● **Task to carry out**
Copy exactly. Begin with the line that contains "this 1392×1856 image." and stop after the last line of the records.

:::

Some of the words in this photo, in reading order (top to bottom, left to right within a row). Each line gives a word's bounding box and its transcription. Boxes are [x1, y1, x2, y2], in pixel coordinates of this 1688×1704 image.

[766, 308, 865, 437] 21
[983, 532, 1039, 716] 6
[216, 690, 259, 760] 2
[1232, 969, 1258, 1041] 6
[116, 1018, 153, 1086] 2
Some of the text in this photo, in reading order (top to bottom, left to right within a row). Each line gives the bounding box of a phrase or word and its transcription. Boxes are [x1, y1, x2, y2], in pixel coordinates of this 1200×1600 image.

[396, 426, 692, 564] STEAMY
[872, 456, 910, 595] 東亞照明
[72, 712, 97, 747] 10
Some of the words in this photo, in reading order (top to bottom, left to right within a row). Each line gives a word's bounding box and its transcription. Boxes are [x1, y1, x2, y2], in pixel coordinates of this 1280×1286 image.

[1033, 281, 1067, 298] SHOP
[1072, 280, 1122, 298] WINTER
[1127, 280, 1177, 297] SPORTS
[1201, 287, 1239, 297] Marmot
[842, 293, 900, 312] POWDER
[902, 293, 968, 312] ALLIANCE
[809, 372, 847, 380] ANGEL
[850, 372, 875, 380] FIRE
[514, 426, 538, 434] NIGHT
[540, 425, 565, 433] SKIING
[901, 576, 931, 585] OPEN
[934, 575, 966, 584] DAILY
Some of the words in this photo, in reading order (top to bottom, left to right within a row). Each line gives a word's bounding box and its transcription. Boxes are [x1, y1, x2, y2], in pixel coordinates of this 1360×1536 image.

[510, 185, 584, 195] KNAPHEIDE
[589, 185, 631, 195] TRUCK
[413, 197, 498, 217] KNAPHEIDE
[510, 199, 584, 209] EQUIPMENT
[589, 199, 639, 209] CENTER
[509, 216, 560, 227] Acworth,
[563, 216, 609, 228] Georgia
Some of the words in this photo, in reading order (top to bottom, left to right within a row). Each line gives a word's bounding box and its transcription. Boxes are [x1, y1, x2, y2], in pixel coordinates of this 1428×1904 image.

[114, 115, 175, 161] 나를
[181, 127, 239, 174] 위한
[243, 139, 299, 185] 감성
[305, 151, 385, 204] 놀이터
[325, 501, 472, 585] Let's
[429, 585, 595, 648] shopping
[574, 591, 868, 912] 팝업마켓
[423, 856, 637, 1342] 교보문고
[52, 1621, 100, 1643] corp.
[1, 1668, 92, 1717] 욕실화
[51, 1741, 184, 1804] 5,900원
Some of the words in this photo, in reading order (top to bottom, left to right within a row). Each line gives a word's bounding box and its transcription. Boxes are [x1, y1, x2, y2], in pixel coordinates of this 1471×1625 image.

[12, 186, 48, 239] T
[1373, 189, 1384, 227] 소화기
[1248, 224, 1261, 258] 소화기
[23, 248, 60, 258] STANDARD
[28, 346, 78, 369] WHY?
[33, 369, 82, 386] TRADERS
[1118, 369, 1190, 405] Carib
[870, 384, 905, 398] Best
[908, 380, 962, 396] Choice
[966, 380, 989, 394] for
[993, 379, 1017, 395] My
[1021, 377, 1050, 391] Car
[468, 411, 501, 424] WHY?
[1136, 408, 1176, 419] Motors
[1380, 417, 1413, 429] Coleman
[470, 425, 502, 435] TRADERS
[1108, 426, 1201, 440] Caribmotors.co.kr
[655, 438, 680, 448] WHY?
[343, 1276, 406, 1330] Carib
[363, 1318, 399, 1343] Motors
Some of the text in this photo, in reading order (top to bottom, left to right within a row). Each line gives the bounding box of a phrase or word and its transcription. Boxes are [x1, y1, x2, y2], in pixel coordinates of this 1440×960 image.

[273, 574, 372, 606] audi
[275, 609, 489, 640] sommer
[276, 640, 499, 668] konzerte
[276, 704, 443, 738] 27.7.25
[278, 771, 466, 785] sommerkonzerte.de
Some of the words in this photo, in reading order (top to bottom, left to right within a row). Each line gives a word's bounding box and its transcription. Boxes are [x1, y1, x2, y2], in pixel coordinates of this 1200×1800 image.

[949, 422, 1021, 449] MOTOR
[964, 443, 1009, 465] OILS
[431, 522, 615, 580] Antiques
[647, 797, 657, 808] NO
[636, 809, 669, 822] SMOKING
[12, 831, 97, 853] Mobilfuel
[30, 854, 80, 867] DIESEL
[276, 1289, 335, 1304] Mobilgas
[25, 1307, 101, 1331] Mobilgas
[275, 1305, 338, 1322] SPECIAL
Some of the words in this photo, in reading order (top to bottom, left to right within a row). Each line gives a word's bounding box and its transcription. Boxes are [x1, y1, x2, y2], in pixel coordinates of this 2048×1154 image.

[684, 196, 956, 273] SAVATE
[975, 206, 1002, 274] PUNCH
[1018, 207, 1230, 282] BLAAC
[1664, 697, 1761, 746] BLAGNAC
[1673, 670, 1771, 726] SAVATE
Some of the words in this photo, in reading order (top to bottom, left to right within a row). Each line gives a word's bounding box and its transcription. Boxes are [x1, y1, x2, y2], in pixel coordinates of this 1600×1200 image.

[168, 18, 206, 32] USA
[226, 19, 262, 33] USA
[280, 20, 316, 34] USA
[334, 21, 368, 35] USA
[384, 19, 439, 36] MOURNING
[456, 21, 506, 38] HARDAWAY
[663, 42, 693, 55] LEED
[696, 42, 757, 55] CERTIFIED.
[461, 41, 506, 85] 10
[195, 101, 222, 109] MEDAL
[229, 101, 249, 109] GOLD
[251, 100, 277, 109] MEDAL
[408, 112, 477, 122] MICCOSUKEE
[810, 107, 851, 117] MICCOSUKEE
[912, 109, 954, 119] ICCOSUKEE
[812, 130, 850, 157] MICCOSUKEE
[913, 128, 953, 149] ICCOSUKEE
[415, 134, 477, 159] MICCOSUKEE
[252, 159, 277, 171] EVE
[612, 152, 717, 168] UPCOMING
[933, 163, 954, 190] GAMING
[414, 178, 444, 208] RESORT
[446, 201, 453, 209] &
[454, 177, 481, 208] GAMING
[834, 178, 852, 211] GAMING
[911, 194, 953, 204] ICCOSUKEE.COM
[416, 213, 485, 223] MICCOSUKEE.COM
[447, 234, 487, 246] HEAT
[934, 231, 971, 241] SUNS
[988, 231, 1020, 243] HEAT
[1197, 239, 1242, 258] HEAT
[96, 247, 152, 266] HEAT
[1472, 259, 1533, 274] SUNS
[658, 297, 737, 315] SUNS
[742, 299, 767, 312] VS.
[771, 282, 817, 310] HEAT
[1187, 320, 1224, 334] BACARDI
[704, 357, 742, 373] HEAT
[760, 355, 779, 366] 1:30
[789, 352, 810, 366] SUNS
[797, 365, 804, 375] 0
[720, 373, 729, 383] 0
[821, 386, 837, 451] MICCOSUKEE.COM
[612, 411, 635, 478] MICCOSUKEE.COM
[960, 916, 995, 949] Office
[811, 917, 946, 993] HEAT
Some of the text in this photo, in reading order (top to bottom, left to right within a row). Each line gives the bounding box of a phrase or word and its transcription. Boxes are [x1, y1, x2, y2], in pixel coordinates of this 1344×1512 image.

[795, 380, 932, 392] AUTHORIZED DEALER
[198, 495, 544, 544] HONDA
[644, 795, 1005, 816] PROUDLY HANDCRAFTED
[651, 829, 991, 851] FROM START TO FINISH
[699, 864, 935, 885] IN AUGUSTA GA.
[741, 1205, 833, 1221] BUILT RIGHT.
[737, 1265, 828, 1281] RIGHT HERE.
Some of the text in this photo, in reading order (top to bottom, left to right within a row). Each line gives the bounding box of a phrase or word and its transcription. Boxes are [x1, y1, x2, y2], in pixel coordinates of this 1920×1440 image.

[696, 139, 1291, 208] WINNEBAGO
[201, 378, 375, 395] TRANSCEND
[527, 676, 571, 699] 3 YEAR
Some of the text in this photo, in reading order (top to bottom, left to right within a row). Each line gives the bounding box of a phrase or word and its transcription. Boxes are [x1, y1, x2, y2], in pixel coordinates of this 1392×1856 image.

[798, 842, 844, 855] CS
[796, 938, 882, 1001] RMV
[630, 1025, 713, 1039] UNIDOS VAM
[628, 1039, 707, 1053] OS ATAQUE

:::

● **Task solution**
Some of the text in this photo, in reading order (top to bottom, left to right within a row). Each line gives the bounding box of a phrase or word and its transcription. Boxes are [x1, y1, x2, y2], in pixel coordinates of this 1392×1856 image.

[798, 842, 844, 855] CS
[796, 938, 882, 1001] RMV
[630, 1025, 713, 1039] UNIDOS VAM
[628, 1039, 707, 1053] OS ATAQUE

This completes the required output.